We maintain an open-door approach for process engineers needing custom blends: tighter tolerance on flow index, unique color requirements with ESD, or compounded formulations compatible with food contact and medical equipment. Our experience suggests that process data and plant feedback drive more powerful innovation than theoretical lab tests alone.
Serving manufacturers worldwide brings its own set of challenges. We supply customers in climates ranging from humid coastal plants to high-altitude electronics factories. Our teams share know-how and troubleshoot custom mixing ratios to address regional processing quirks—whether it’s high-humidity extrusion lines in Southeast Asia or low-pressure molding conditions at European auto suppliers. Our technical support doesn’t stop at shipping pallets—we run on-site tests, adapt recipes on short timelines, and document results in the field.
This knowledge exchange sharpens both our core product and our troubleshooting skills. Experiences from one region lead to better products for everyone—solutions that survive not only in controlled lab conditions, but in the unforgiving world of bulk manufacturing.
Chemical manufacturing is as much about learning from mistakes as it is about making new things. Each cycle through the extruder, each refinement in mixing, and every customer return shapes the next master batch. Nothing gets overlooked; everything is measured. We keep learning by seeing how our conductive and ESD master batches handle years in warehousing, shipment, and unpredictable factory settings. This commitment to real data over marketing claims separates a manufacturer from a repackager or a speculative trader.
Material science, in our experience, rewards persistence and attention to detail. Our plants operate with clear lines of responsibility, robust recordkeeping, and rigorous product tracking—not only to avoid errors, but to build on successes. Continuous feedback from user experience, plant audits, and formal testing make possible gradual improvement. Every new product grade reflects what we have learned.

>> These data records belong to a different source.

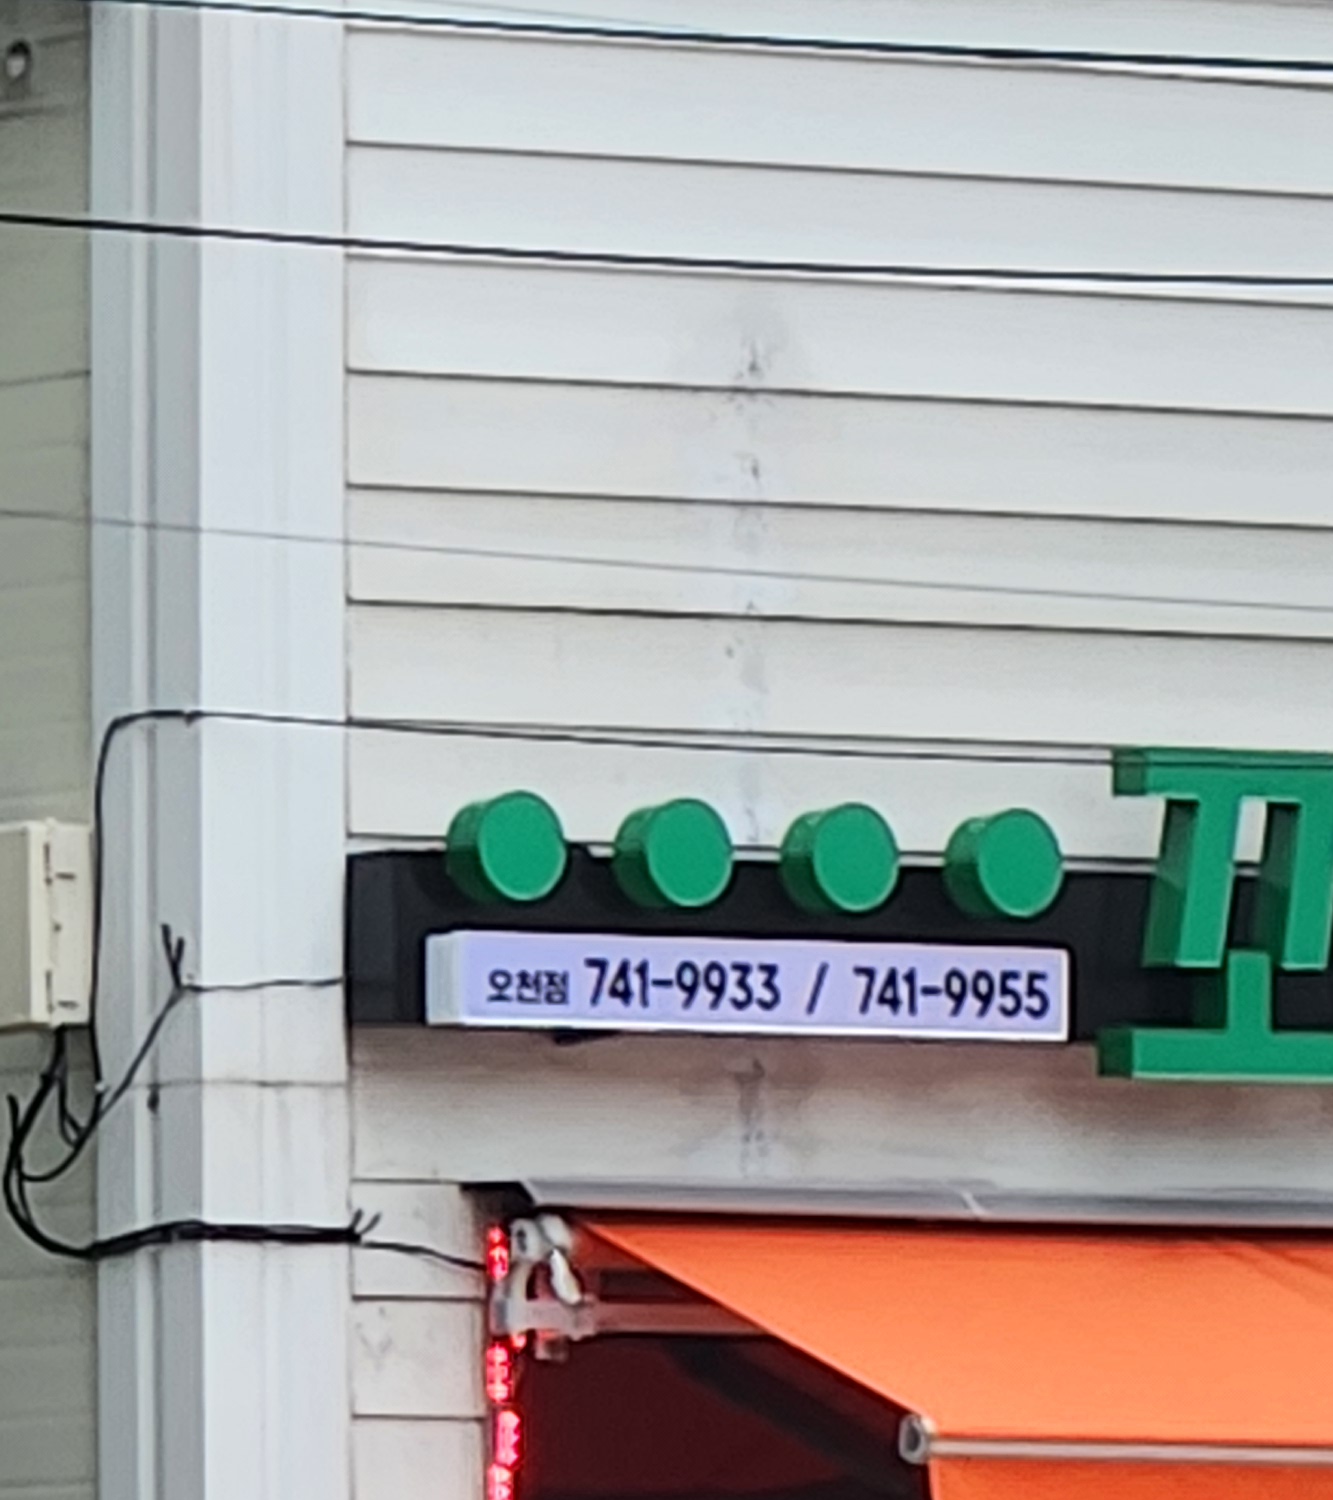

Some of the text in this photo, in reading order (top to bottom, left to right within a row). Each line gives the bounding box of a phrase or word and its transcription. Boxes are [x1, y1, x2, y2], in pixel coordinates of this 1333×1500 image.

[486, 957, 1050, 1018] 오천점 741-9933 / 741-9955
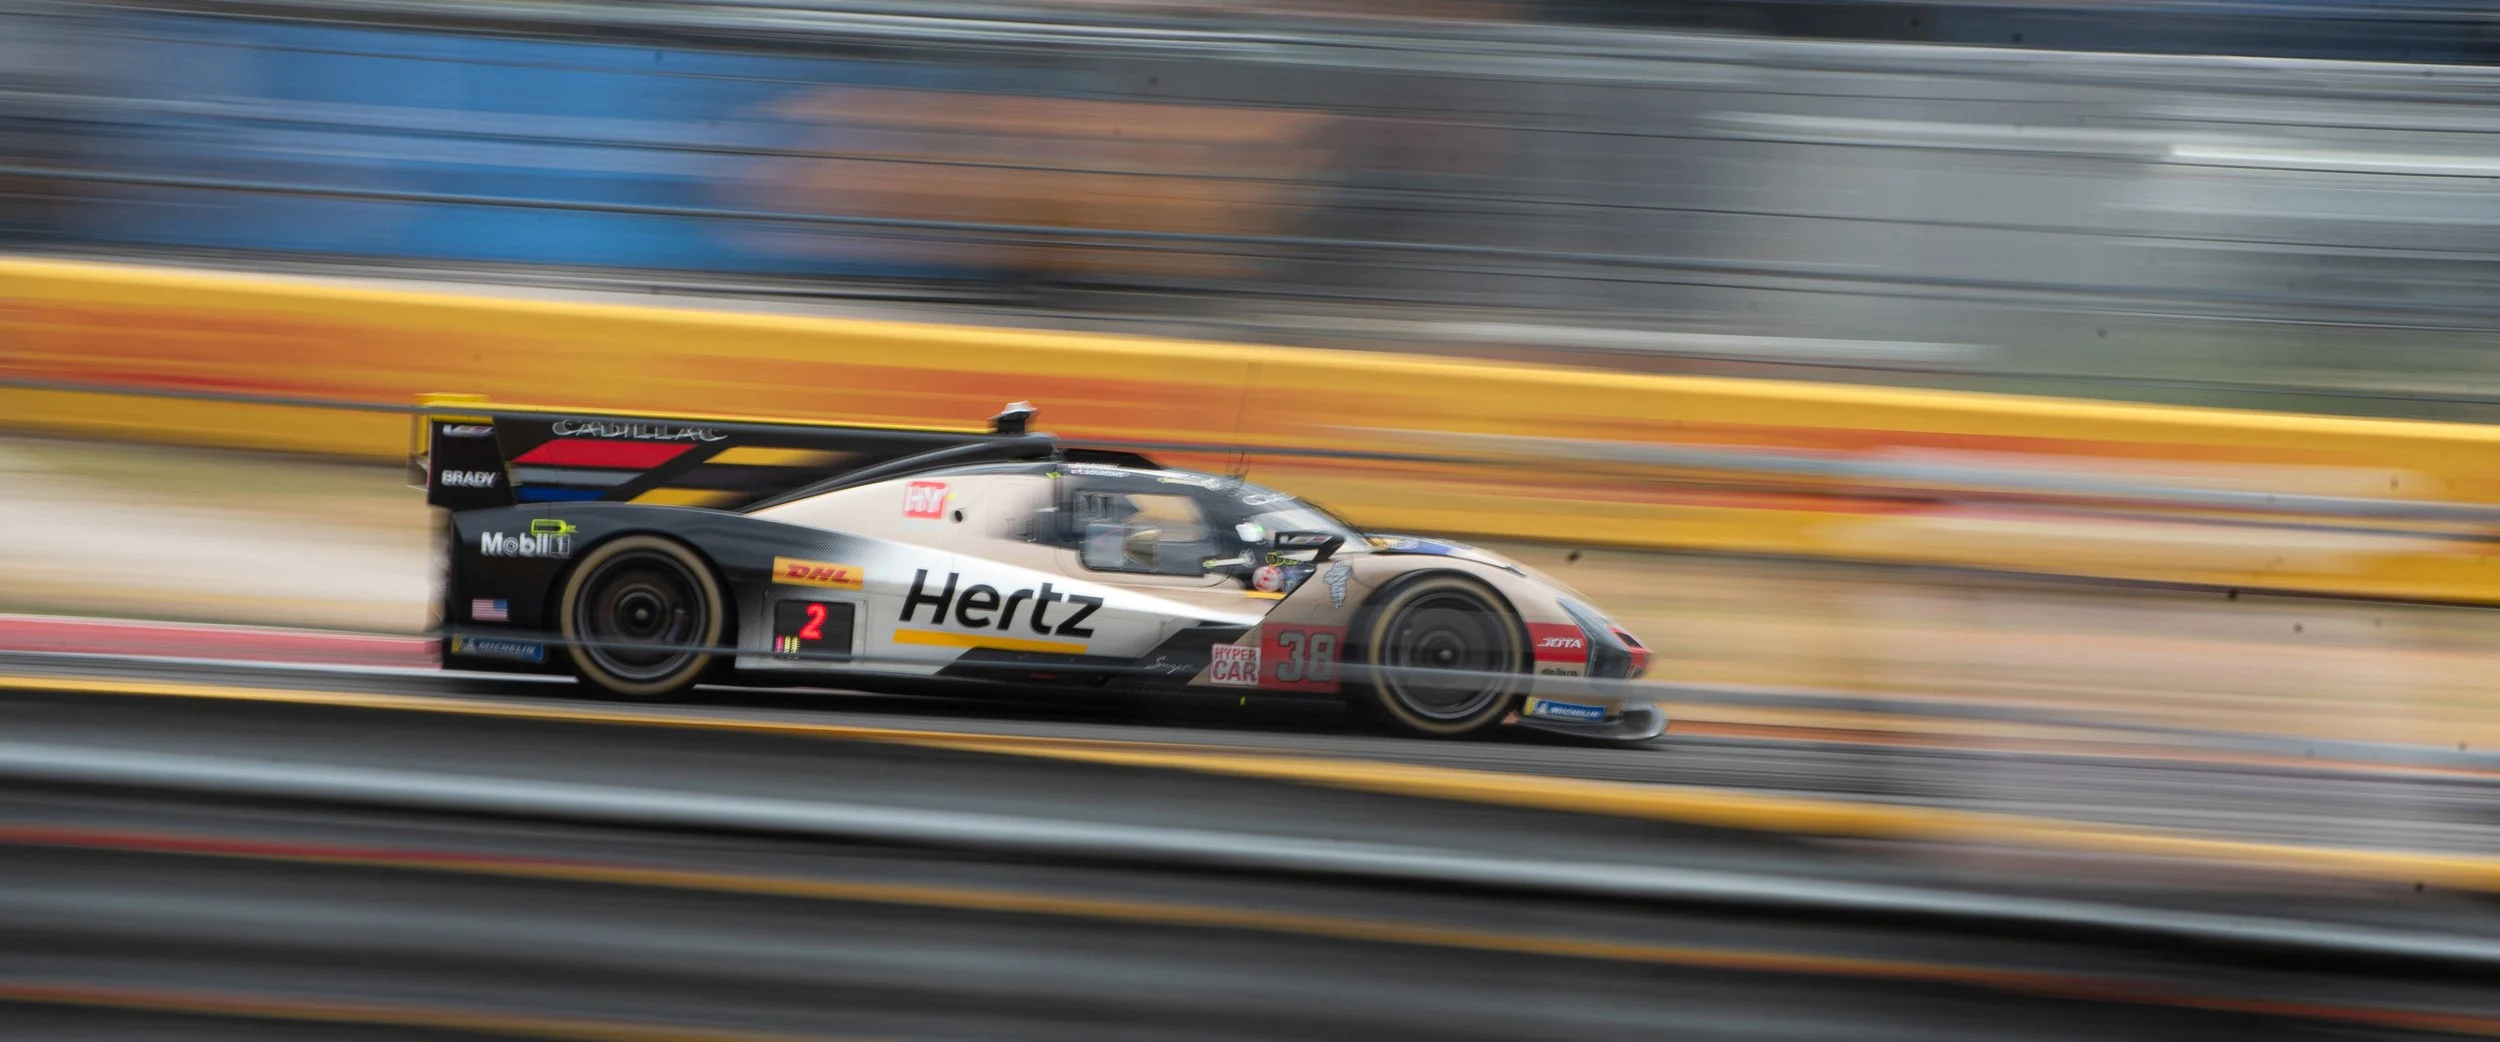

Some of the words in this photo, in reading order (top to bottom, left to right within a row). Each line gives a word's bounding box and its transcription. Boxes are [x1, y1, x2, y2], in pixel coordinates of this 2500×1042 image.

[552, 418, 727, 442] CADILLAC
[441, 470, 496, 487] BRADY
[481, 532, 548, 557] Mobil
[785, 566, 850, 584] DHL
[899, 568, 1104, 638] Hertz
[800, 603, 827, 640] 2
[479, 641, 536, 656] MICHELIN
[1537, 637, 1584, 648] JOTA
[1215, 648, 1256, 661] HYPER
[1276, 632, 1336, 682] 38
[1213, 661, 1257, 681] CAR

We do not sell just a bag of pellets; we deliver years of focused experience in real-world production. Our Conductive and ESD Plastic Master Batch line stands for consistent static protection, proven in field applications and refined by feedback from global customers. We keep our promise by investing in materials research, precision process control, and a culture of accountability. Each shipment reflects lessons learned, feedback heard, and standards maintained. Our door remains open to new challenges and new applications—because in manufacturing, experience doesn’t stand still.